The district court was noted and applauded for its close analysis of difficult and important technical issues. The court of appeals does not delve deeply into issues of programming languages and APIs. At a high level of abstraction and relying on a different interpretation of the law it overturns the district court’s decision. The amici curiae seem to have had little impact, as did the crucial matter of interoperability. The latter is explicitly exempted from all analyses except of the fair use defense. The outcome of a fair use analysis by the district court is everything but clear at this time. There had been a hung jury on the fair use defense in the district court's trial.

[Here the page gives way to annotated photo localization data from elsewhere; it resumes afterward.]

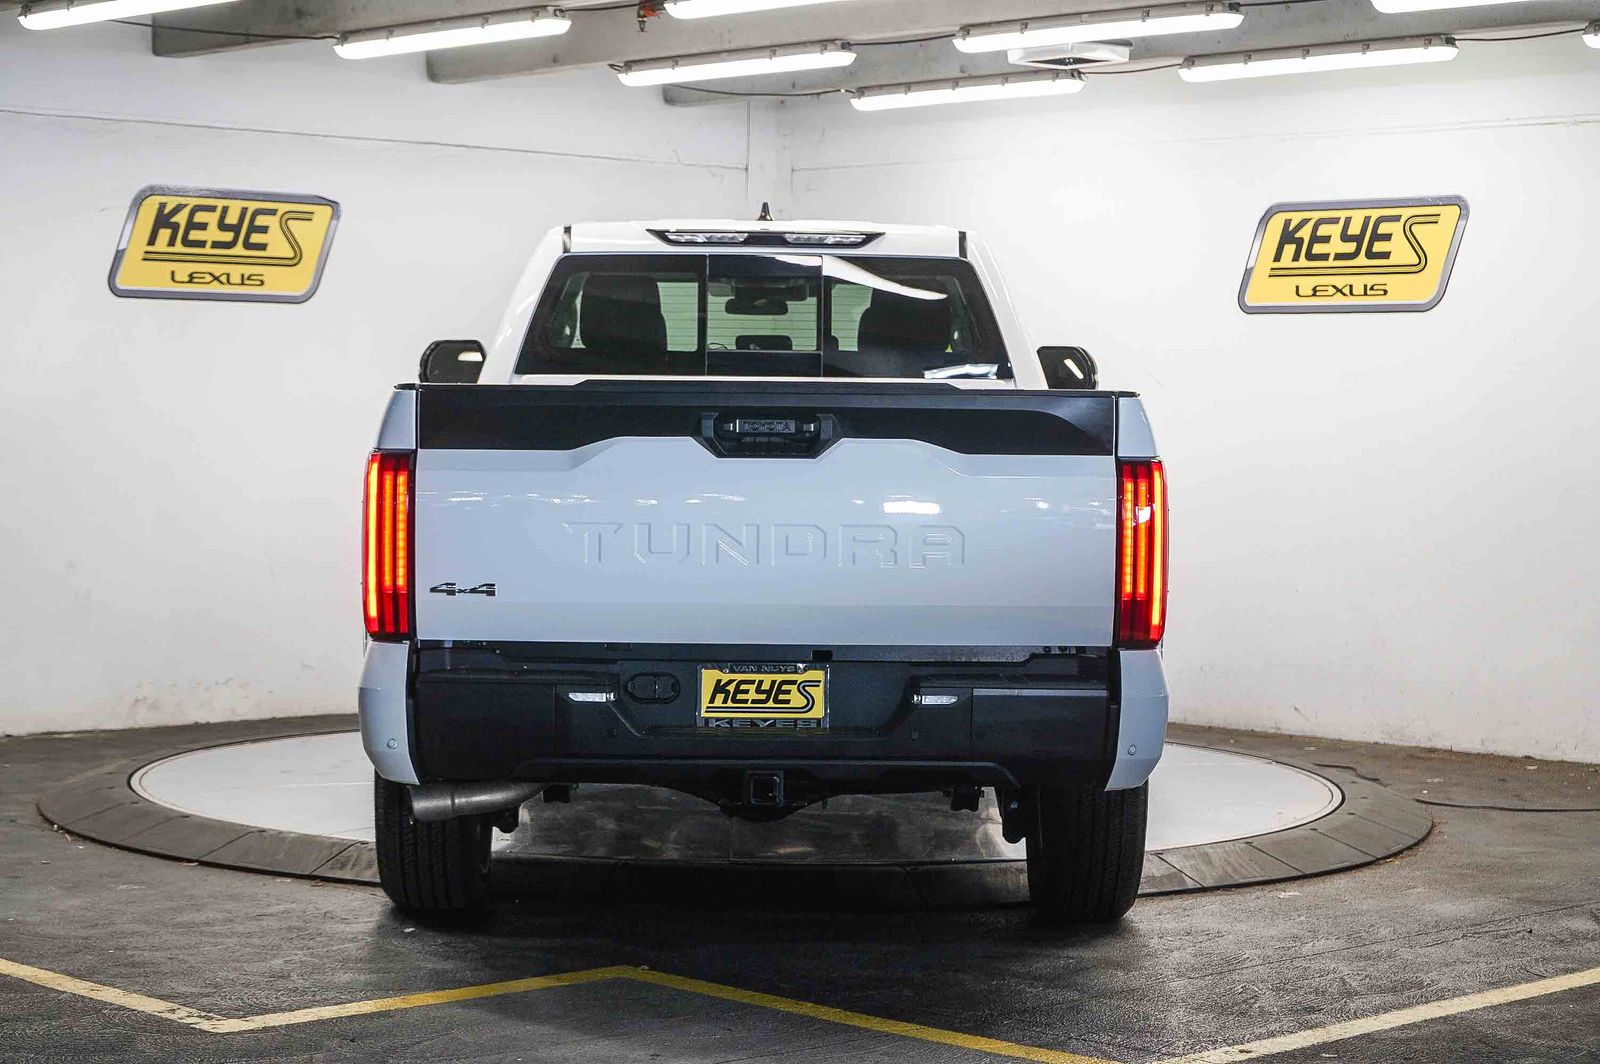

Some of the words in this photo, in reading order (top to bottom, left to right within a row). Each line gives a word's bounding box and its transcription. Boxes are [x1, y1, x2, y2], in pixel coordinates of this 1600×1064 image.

[143, 201, 314, 266] KEYES
[1268, 213, 1441, 277] KEYES
[170, 270, 265, 286] LEXUS
[1295, 283, 1388, 298] LEXUS
[562, 522, 965, 567] TUNDRA
[705, 679, 821, 713] KEYES
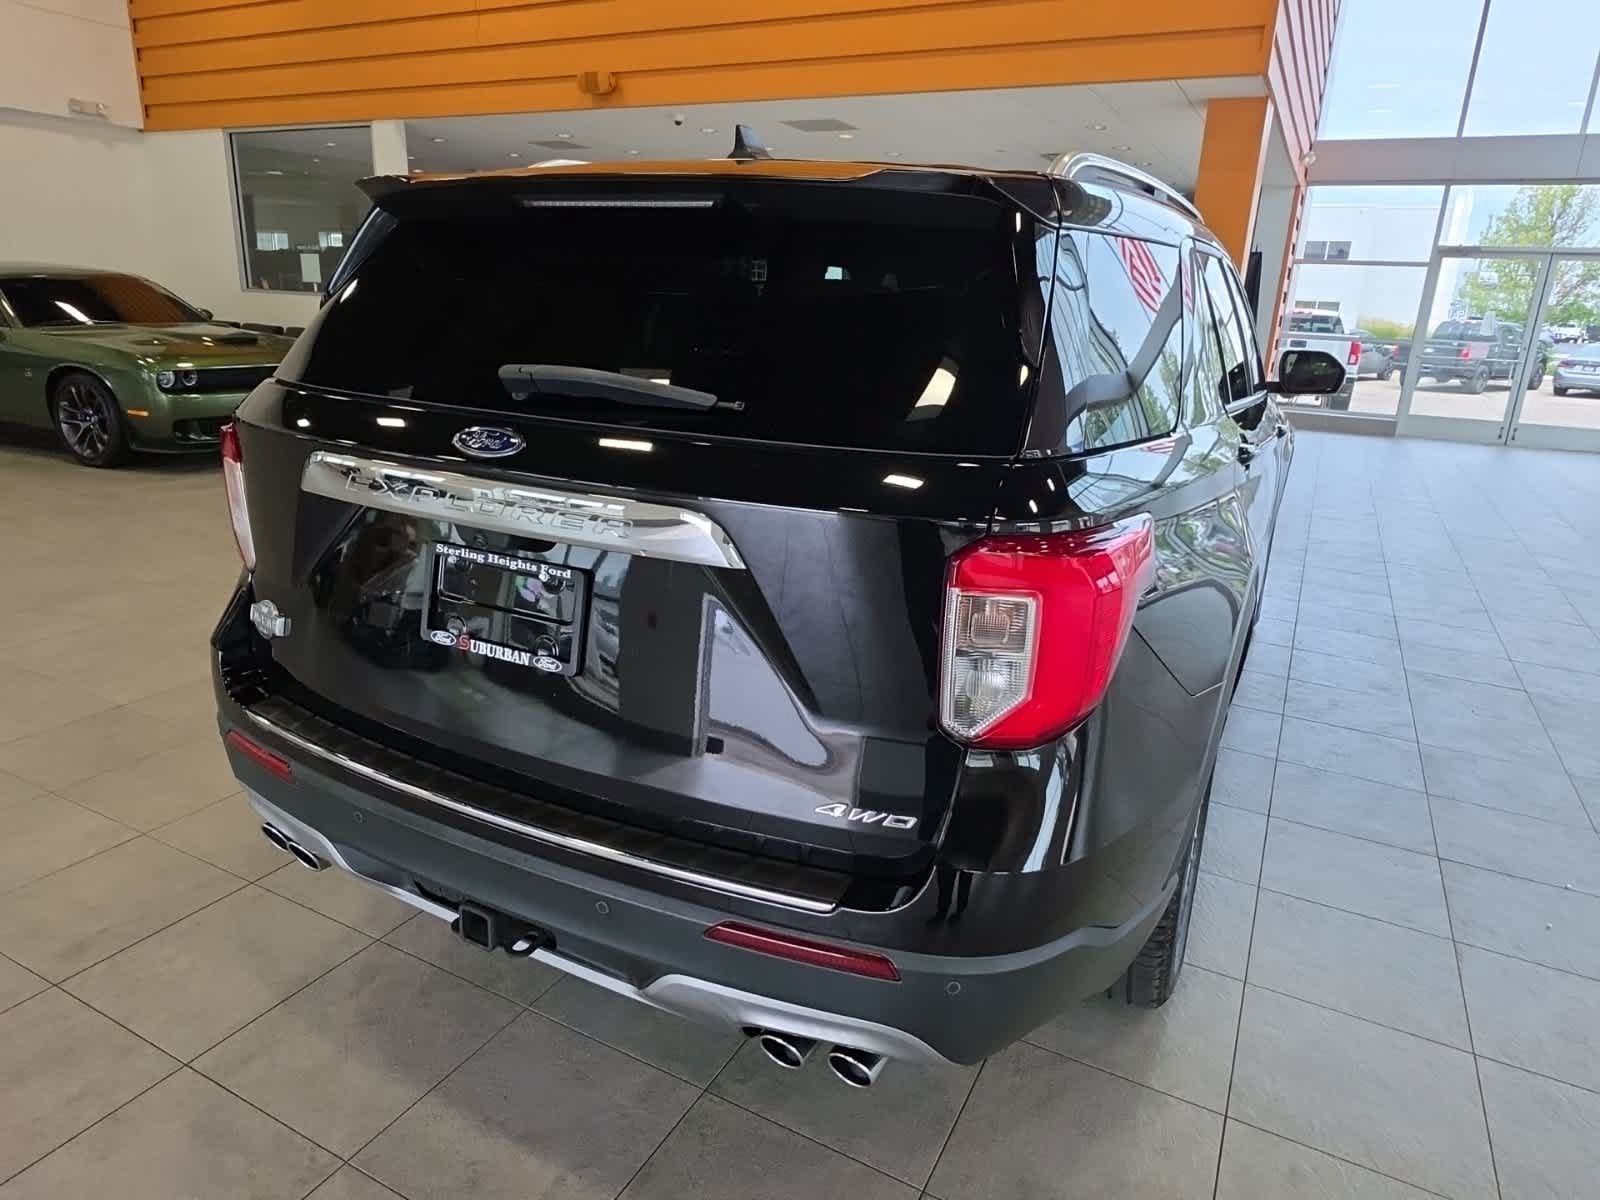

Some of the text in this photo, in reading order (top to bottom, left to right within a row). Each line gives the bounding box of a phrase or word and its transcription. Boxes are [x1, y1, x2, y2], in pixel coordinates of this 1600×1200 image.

[460, 429, 511, 452] Ford
[436, 543, 572, 580] Sterling Heights Ford
[459, 634, 531, 666] SUBURBAN
[815, 803, 918, 829] 4WD

In a similar case, the European Court of Justice in SAS Institute Inc. v. World Programming Ltd recently decided that APIs could be recreated for interoperability reasons without the need for a license. Notably, a fair use defense is absent from European copyright law. Article 1 of EU directive 2009/24/EC - "Ideas and principles which underlie any element of a computer program, including those which underlie its interfaces, are not protected by copyright under this Directive." - seems to assume the existence of some form of copyright protection for an API as well. And a part of the ECJ's analysis does indeed remind of a fair use analysis.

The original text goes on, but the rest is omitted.